» Source records
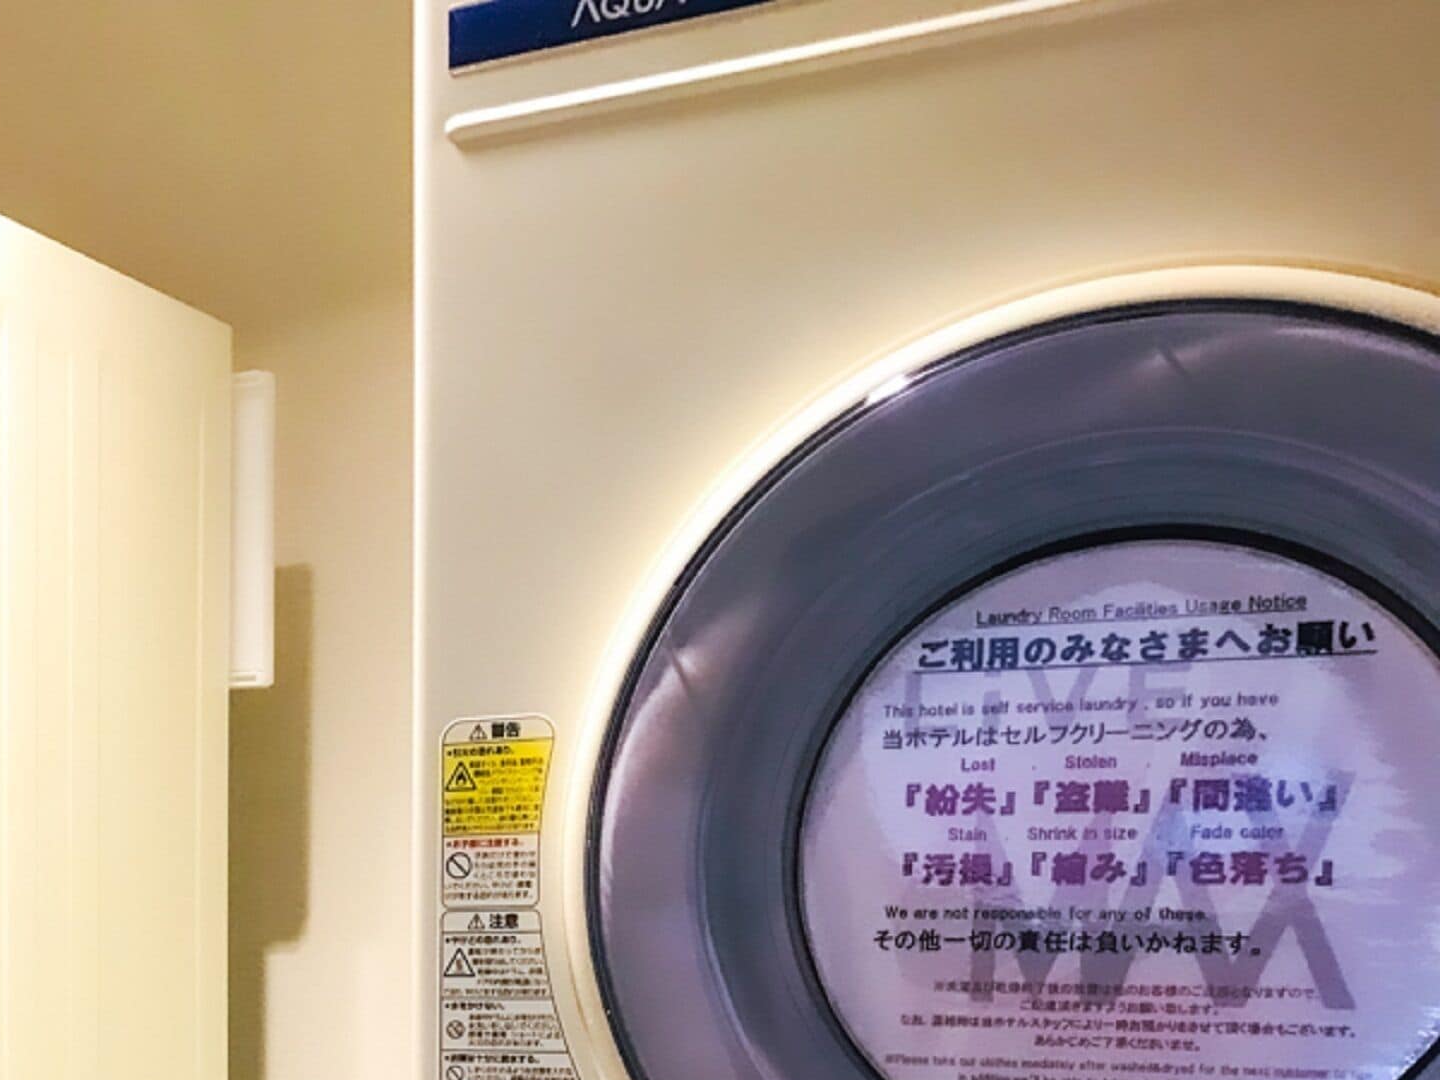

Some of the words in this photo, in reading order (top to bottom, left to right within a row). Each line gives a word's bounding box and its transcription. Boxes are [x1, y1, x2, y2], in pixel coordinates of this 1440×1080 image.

[975, 609, 1043, 628] Laundry
[1048, 605, 1097, 622] Room
[1103, 602, 1179, 619] Facilities
[1185, 597, 1242, 617] Usage
[1249, 593, 1308, 612] Notice
[918, 620, 1376, 670] ご利用のみなさまへお願い
[883, 704, 914, 719] This
[918, 703, 959, 718] hotel
[961, 702, 975, 717] is
[980, 701, 1008, 716] self
[1016, 699, 1075, 714] service
[1079, 698, 1139, 715] laundry
[1155, 697, 1175, 710] so
[1179, 694, 1194, 709] if
[1199, 693, 1233, 711] you
[1236, 692, 1279, 708] have
[960, 756, 996, 773] Lost
[1064, 753, 1118, 770] Stolen
[1179, 750, 1259, 769] Misplace
[947, 826, 988, 843] Stain
[1026, 825, 1077, 842] Shrink
[1103, 824, 1139, 842] size
[1189, 823, 1234, 842] Fade
[1240, 823, 1285, 842] color
[489, 912, 519, 929] 注意
[885, 905, 910, 921] We
[913, 907, 939, 921] are
[943, 906, 969, 921] not
[972, 906, 1063, 923] responsible
[1068, 905, 1093, 921] for
[1098, 907, 1127, 924] any
[1133, 905, 1153, 921] of
[871, 929, 1263, 958] その他一切の責任は負いかねます。

» Exercise instructions
Set down the records above exactly, leaving out pictures.

» Answer to the exercise
Some of the words in this photo, in reading order (top to bottom, left to right within a row). Each line gives a word's bounding box and its transcription. Boxes are [x1, y1, x2, y2], in pixel coordinates of this 1440×1080 image.

[975, 609, 1043, 628] Laundry
[1048, 605, 1097, 622] Room
[1103, 602, 1179, 619] Facilities
[1185, 597, 1242, 617] Usage
[1249, 593, 1308, 612] Notice
[918, 620, 1376, 670] ご利用のみなさまへお願い
[883, 704, 914, 719] This
[918, 703, 959, 718] hotel
[961, 702, 975, 717] is
[980, 701, 1008, 716] self
[1016, 699, 1075, 714] service
[1079, 698, 1139, 715] laundry
[1155, 697, 1175, 710] so
[1179, 694, 1194, 709] if
[1199, 693, 1233, 711] you
[1236, 692, 1279, 708] have
[960, 756, 996, 773] Lost
[1064, 753, 1118, 770] Stolen
[1179, 750, 1259, 769] Misplace
[947, 826, 988, 843] Stain
[1026, 825, 1077, 842] Shrink
[1103, 824, 1139, 842] size
[1189, 823, 1234, 842] Fade
[1240, 823, 1285, 842] color
[489, 912, 519, 929] 注意
[885, 905, 910, 921] We
[913, 907, 939, 921] are
[943, 906, 969, 921] not
[972, 906, 1063, 923] responsible
[1068, 905, 1093, 921] for
[1098, 907, 1127, 924] any
[1133, 905, 1153, 921] of
[871, 929, 1263, 958] その他一切の責任は負いかねます。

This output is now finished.